START Provided information

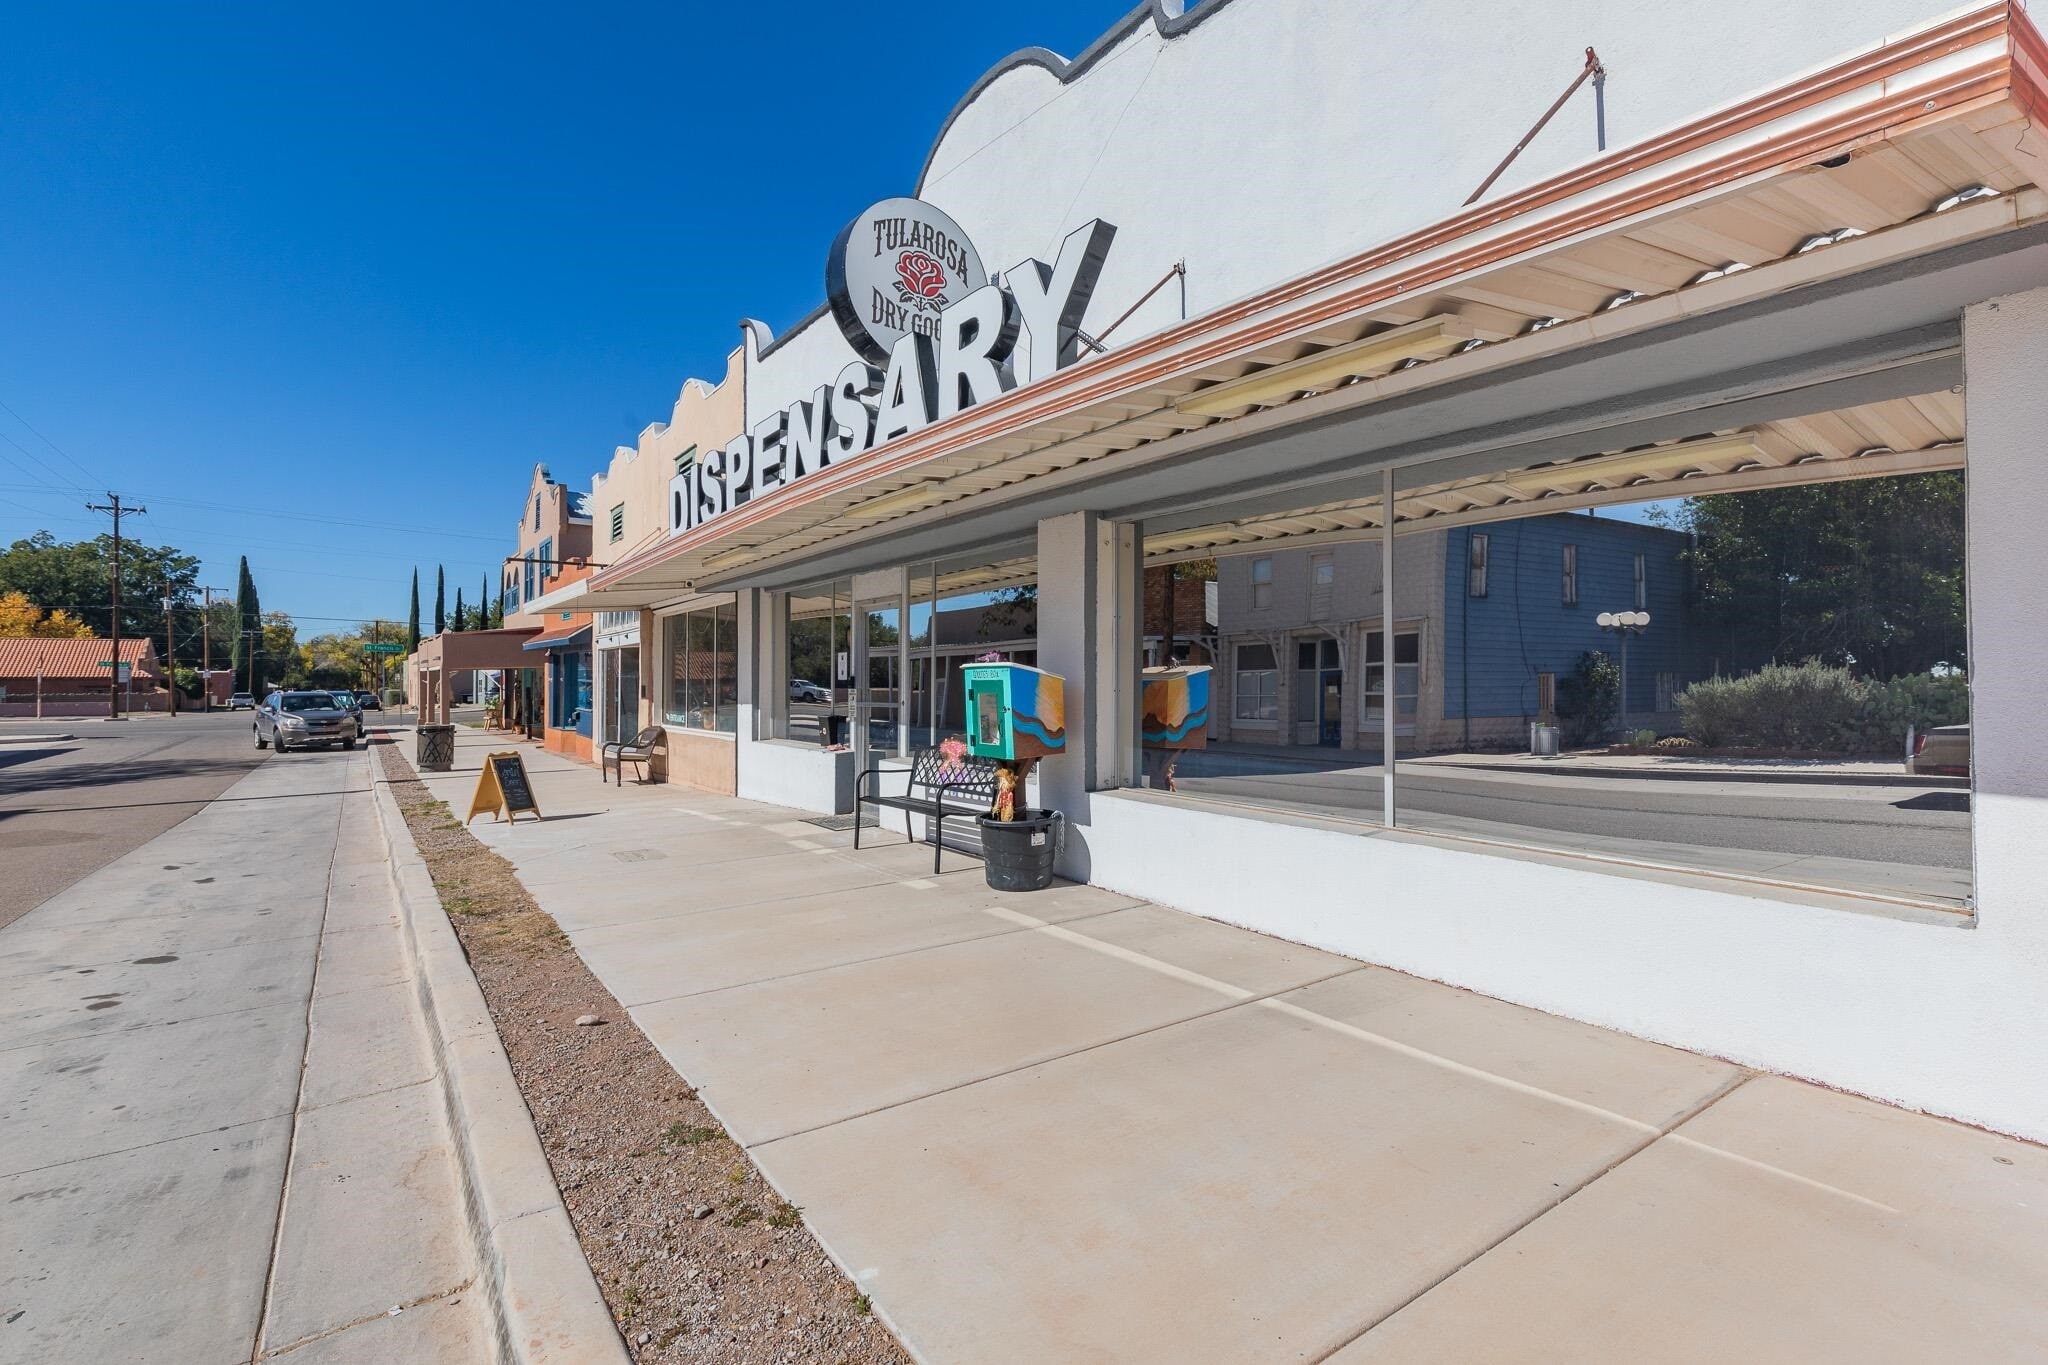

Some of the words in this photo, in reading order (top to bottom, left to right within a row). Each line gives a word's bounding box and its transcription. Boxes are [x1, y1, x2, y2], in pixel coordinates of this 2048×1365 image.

[873, 217, 968, 288] TULAROSA
[872, 285, 909, 332] DRY
[911, 313, 941, 341] GOO
[669, 218, 1117, 538] DISPENSARY
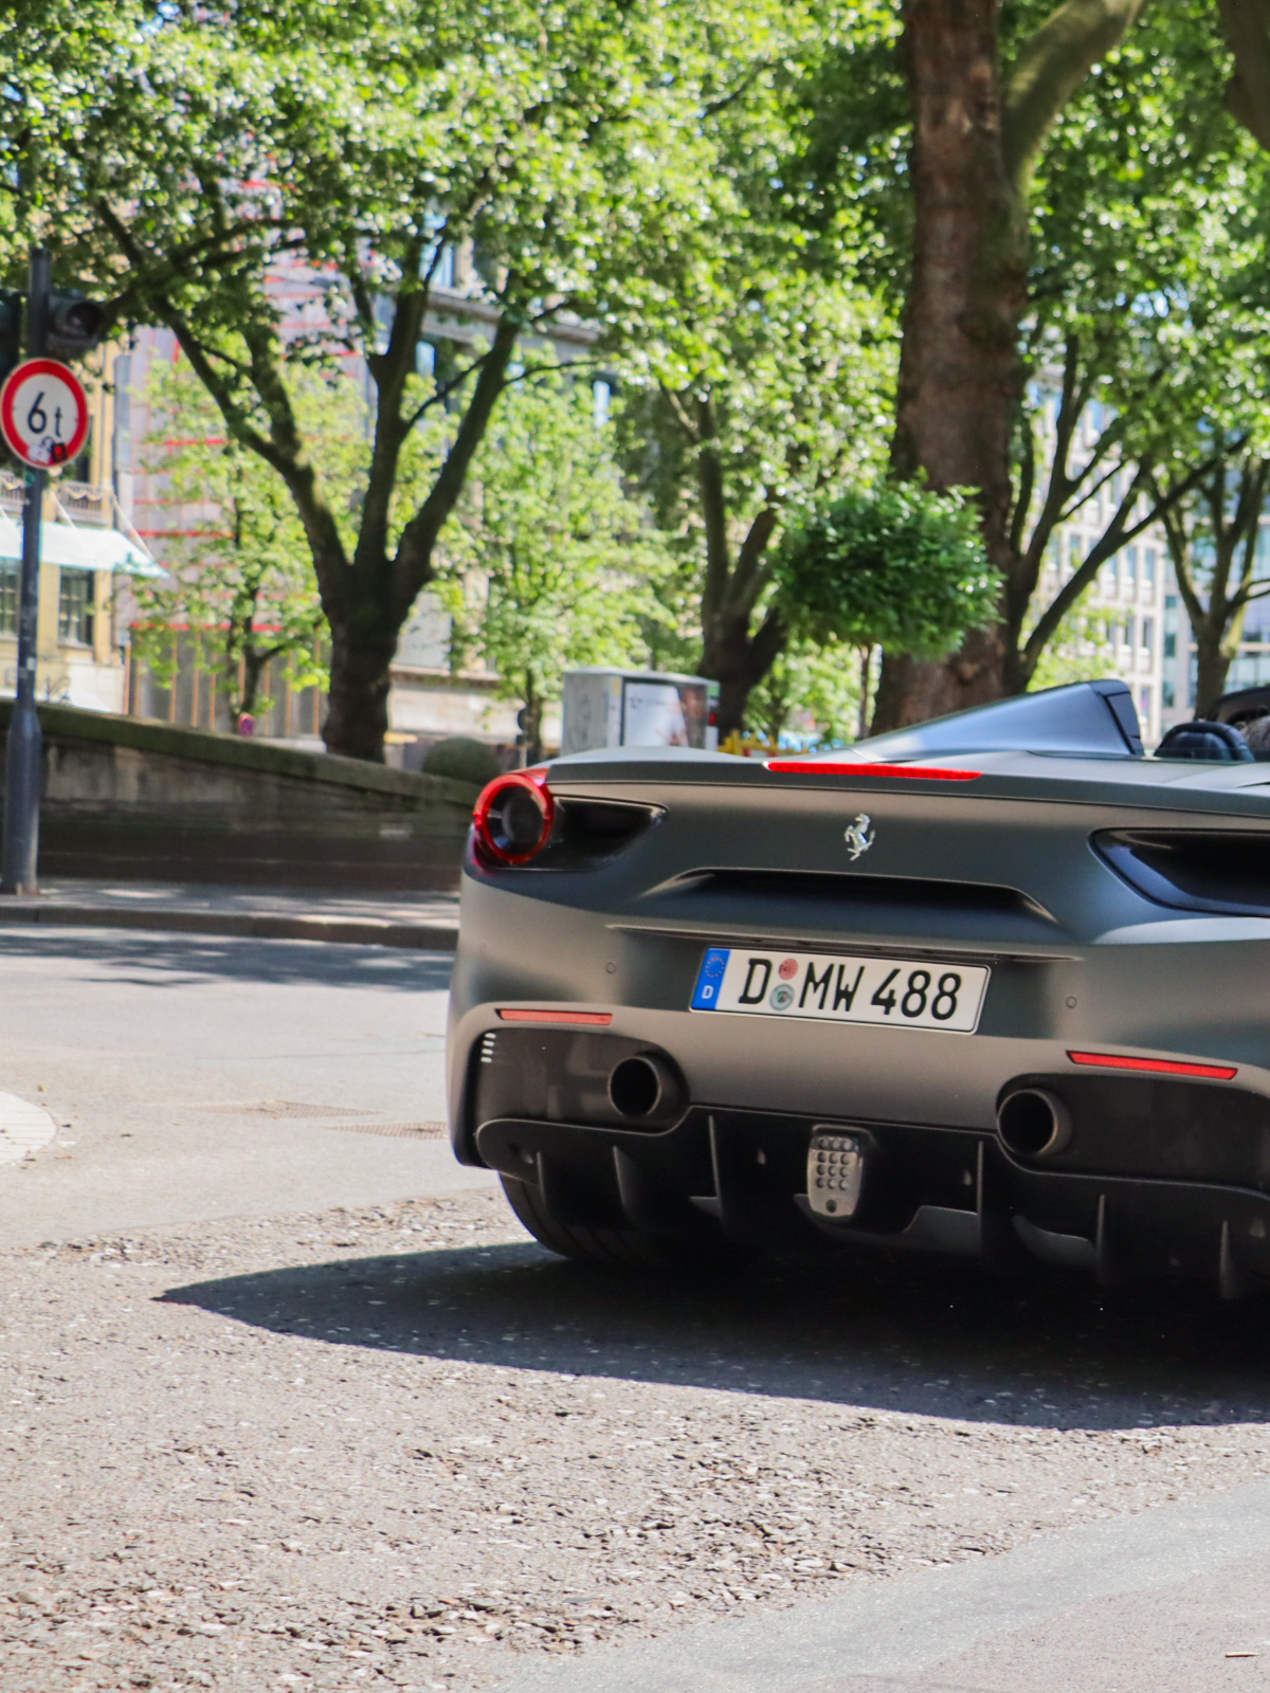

END Provided information

Assignment — Although the entries contain pictures, reproduce only the rest, exactly as written.

Written response —
Some of the words in this photo, in reading order (top to bottom, left to right within a row). Each line gives a word's bounding box and its transcription. Boxes are [x1, y1, x2, y2], in pixel coordinates of this 2048×1365 image.

[873, 217, 968, 288] TULAROSA
[872, 285, 909, 332] DRY
[911, 313, 941, 341] GOO
[669, 218, 1117, 538] DISPENSARY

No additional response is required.